In the fall of 2018, Circuit Judge Howard Coates Jr. ordered Prakas to deposit almost $343,000 into a court registry for unpaid rent. Prakas said under oath earlier that he had held onto the subtenants’ rents that he received. But none of the money was paid, and interest is accruing.
Instead the Prakas family treated Lantana Village income as though it was “their personal piggybank,” attorney Jeffrey Fisher, representing the Handelsman children, said in a court filing.
“All told, the Prakas family has conned Love Lantana out of hundreds of thousands of dollars,” Fisher wrote.
The entire family — Prakas has six sons and two daughters — spent Thanksgiving and Christmas 2016 on visits to Atlanta, staying at a luxury hotel in the city’s swanky Buckhead area.
Prakas conceded that his son Nicholas — who he said managed Lantana Village for him — repeatedly spent tenants’ rent on personal expenses such as airline tickets, Uber Eats, Starbucks and Domino’s Pizza.
He also acknowledged transferring Lantana Village rent to his wife but said it was to repay a loan she made to Lantana Village. There is no promissory note, he said.

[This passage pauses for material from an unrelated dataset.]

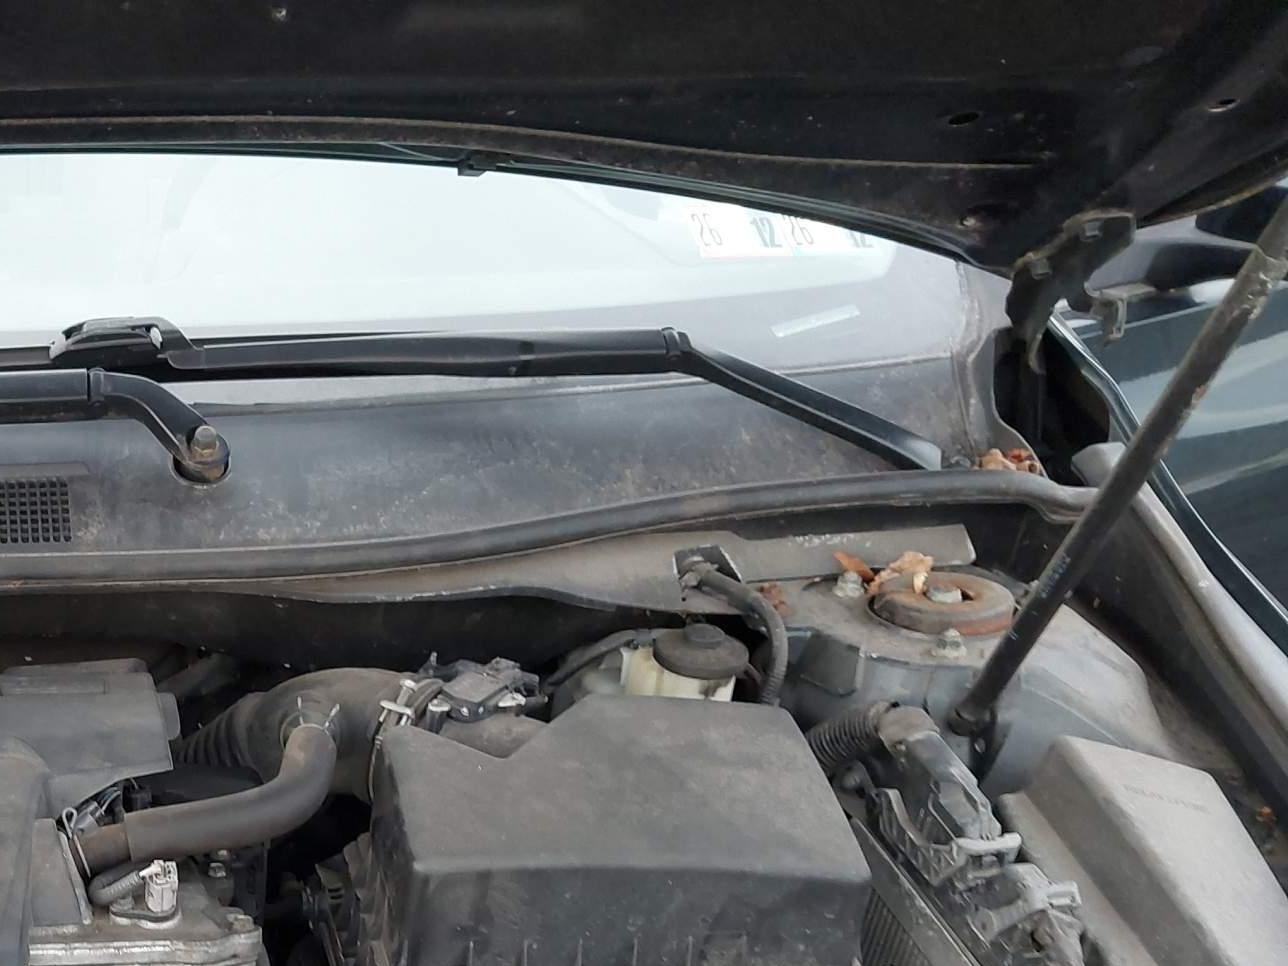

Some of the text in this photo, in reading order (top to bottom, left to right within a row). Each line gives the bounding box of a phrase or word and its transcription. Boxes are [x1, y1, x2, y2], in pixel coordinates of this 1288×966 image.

And Prakas transferred Lantana Village income in what he said was “a very small amount” to a Delray Beach building on which he held the master lease. The owner: Burt Handelsman.
“You made a conscious choice to pay yourself and your family members rather than the rent, right?” Fisher asked.
“Well, yeah,” Prakas said.
Prakas, who hasn’t held leases on Ocean Avenue since 2018, was hesitant to comment on the litigation.
“It was a rent thing,” he said. “It was a negotiation. I was trying to renegotiate the lease and got embroiled in the middle of a family battle with the Handelsman family, with the father. That’s all I can say. It’s a Greek tragedy. There are three sides to the story — yours, mine and the truth. They only told one side.”
A trial date has not been set.
How to fill empty shops?
Arm said the Chamber and all of Lantana would like to see something happen and get some businesses into those empty shops.
“I’m not certain how it could be done. It’d be great if something could open up there, if the owners of the property could make that happen,” he said, referring to the Handelsman family.
Alan Ross, whose Shades of Time sunglass shop across the street at 214 E. Ocean has been on Ocean Avenue for 26 years — the first several years in one of the vacant shops the Handelsmans now own — said people have to be realistic about the street’s potential.
“I don’t know what the intentions are of the people that have that property,” Ross said. “In my opinion, 25 years later, this isn’t a street that has a lot of walking traffic at all. You have to have the willingness and/or ability to make yourself a destination with a product that works or you’re just not going to do business.
“I’ve seen businesses come and go and the reason they’ve come and gone is they didn’t do the upfront work they should have done to investigate what the street and its potential was or is.”